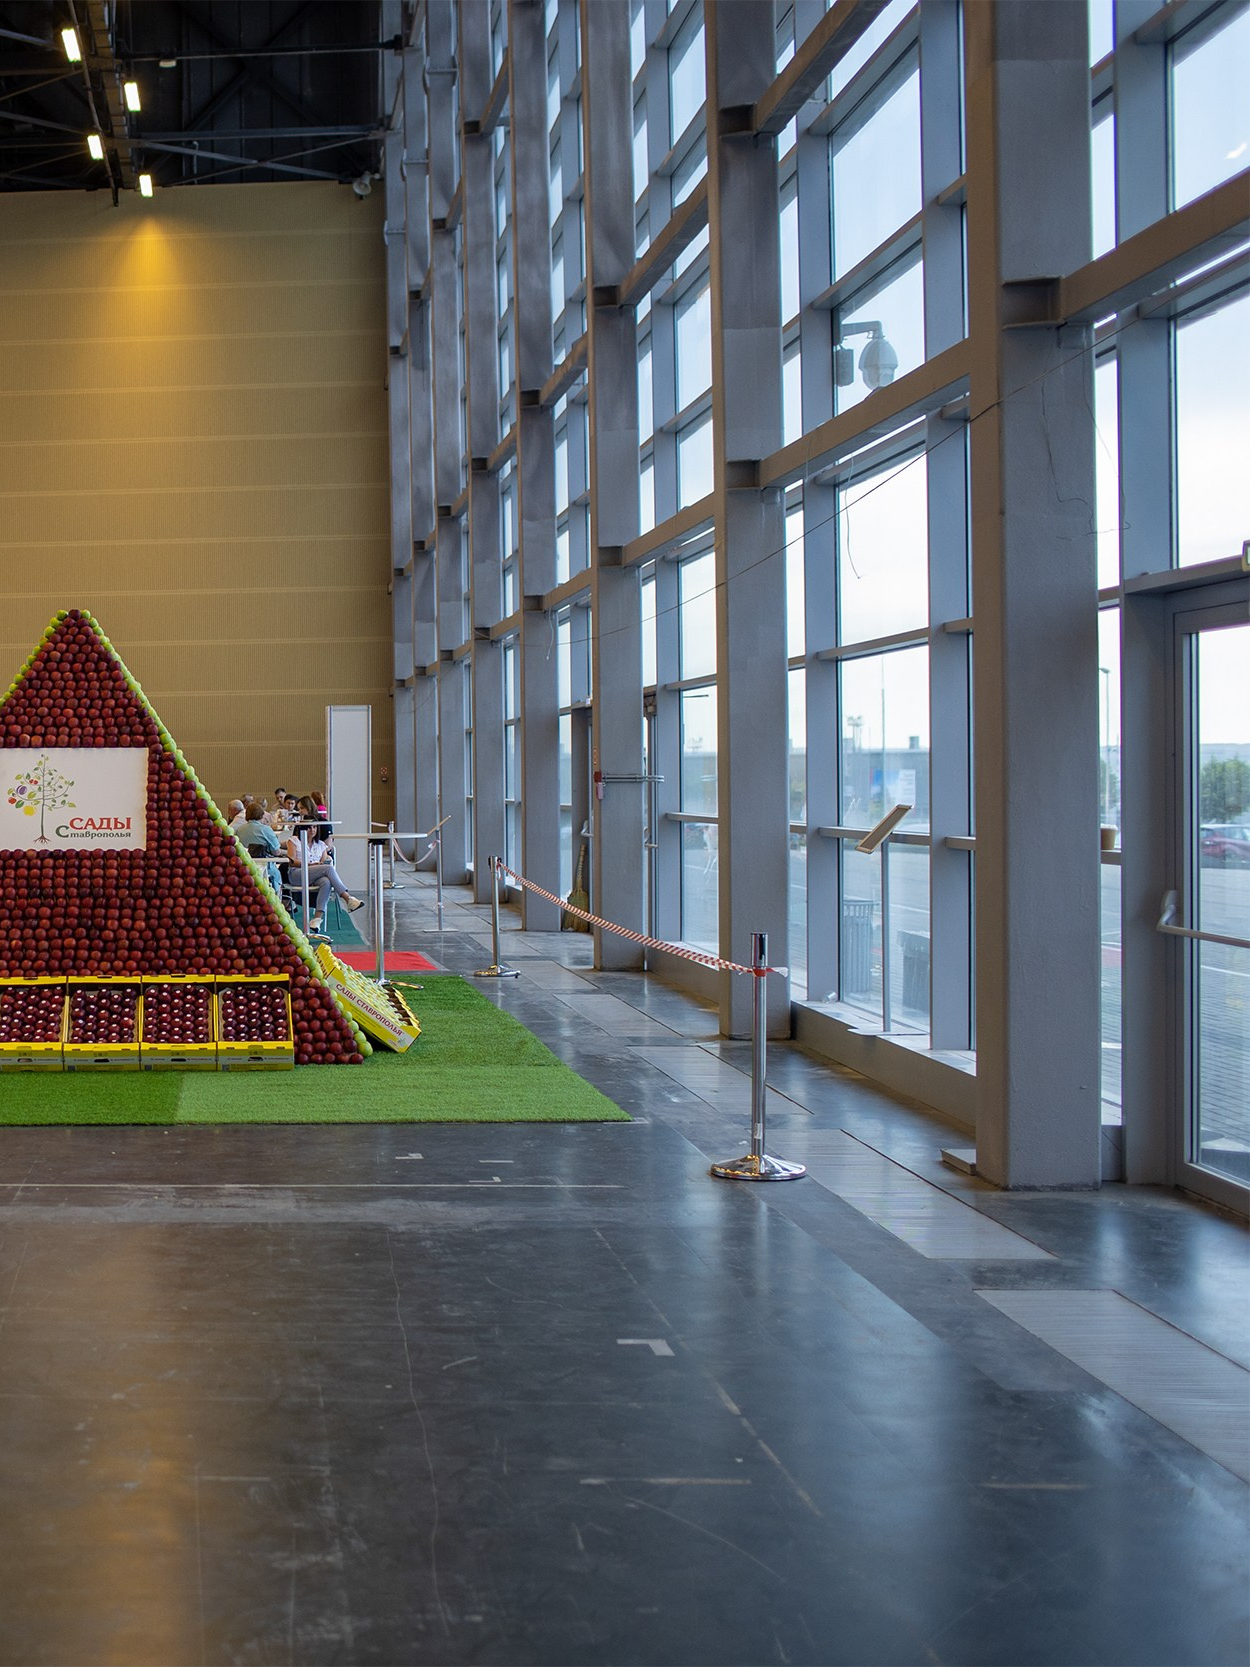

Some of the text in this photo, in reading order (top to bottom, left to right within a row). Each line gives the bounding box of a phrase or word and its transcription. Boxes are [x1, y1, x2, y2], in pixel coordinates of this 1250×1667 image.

[69, 817, 132, 831] САДЫ
[55, 825, 132, 839] Ставрополья
[335, 983, 356, 1001] САДЫ
[356, 998, 403, 1036] СТАВРОПОЛЬЯ
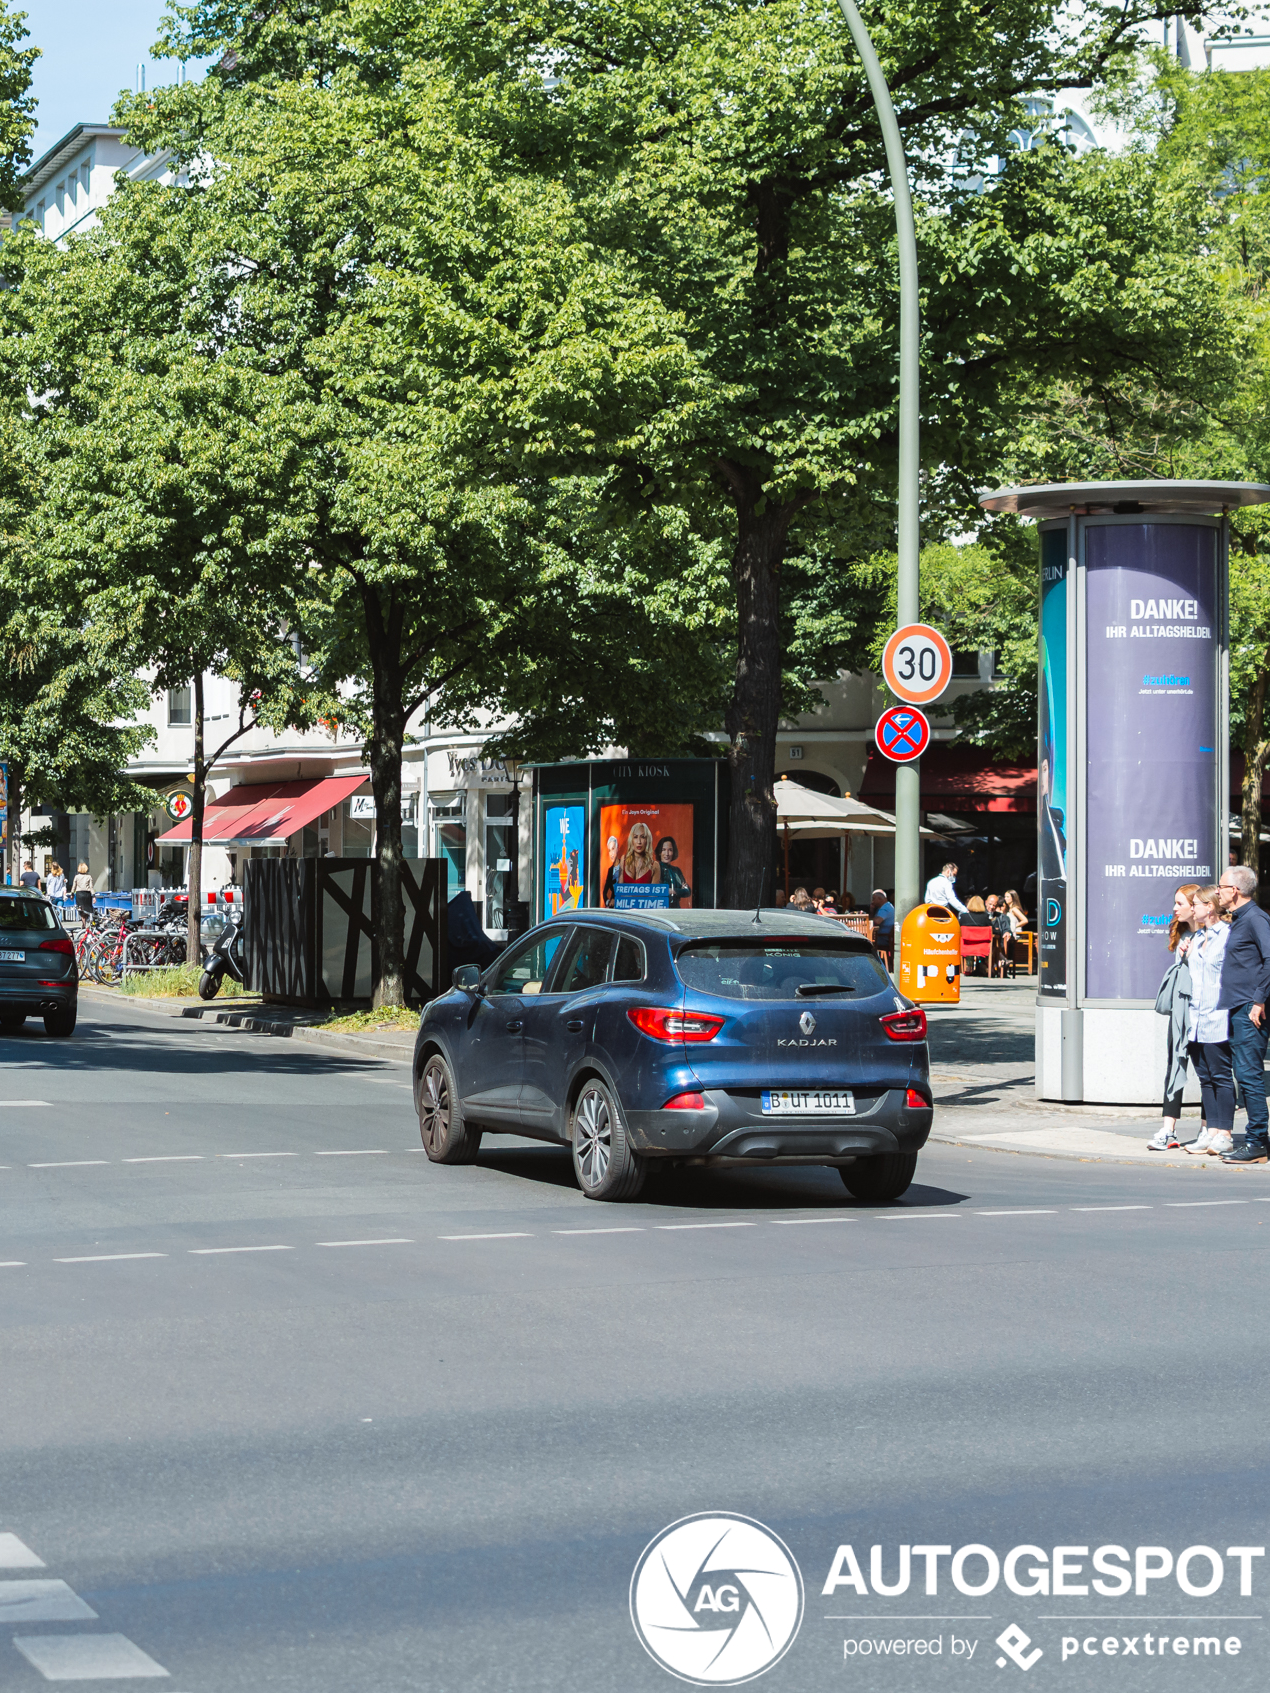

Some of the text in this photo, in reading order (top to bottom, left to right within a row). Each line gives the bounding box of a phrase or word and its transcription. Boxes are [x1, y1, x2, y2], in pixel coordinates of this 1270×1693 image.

[1130, 599, 1198, 620] DANKE!
[1106, 626, 1212, 639] IHR ALLTAGSHELDEN.
[898, 646, 936, 681] 30
[1143, 674, 1190, 686] #zuhören
[791, 749, 800, 757] 51
[638, 765, 670, 777] KIOSK
[640, 809, 659, 817] Original
[559, 818, 570, 834] WE
[1129, 838, 1198, 859] DANKE!
[1105, 865, 1212, 877] IHR ALLTAGSHELDEN.
[616, 884, 667, 894] FREITAGS IST
[616, 899, 667, 909] MILF TIME.
[1141, 914, 1173, 925] #zuhö
[777, 1039, 838, 1047] KADJAR
[770, 1093, 781, 1108] B
[791, 1093, 810, 1108] UT
[814, 1093, 851, 1108] 1011
------------------------------------------------------------
■ What to work on: Produce an exact repeat of the lines from the one containing "this 1270×1693 image." through the last line of the data, and nothing more.

■ Reply to the task:
Some of the text in this photo, in reading order (top to bottom, left to right within a row). Each line gives the bounding box of a phrase or word and its transcription. Boxes are [x1, y1, x2, y2], in pixel coordinates of this 1270×1693 image.

[1130, 599, 1198, 620] DANKE!
[1106, 626, 1212, 639] IHR ALLTAGSHELDEN.
[898, 646, 936, 681] 30
[1143, 674, 1190, 686] #zuhören
[791, 749, 800, 757] 51
[638, 765, 670, 777] KIOSK
[640, 809, 659, 817] Original
[559, 818, 570, 834] WE
[1129, 838, 1198, 859] DANKE!
[1105, 865, 1212, 877] IHR ALLTAGSHELDEN.
[616, 884, 667, 894] FREITAGS IST
[616, 899, 667, 909] MILF TIME.
[1141, 914, 1173, 925] #zuhö
[777, 1039, 838, 1047] KADJAR
[770, 1093, 781, 1108] B
[791, 1093, 810, 1108] UT
[814, 1093, 851, 1108] 1011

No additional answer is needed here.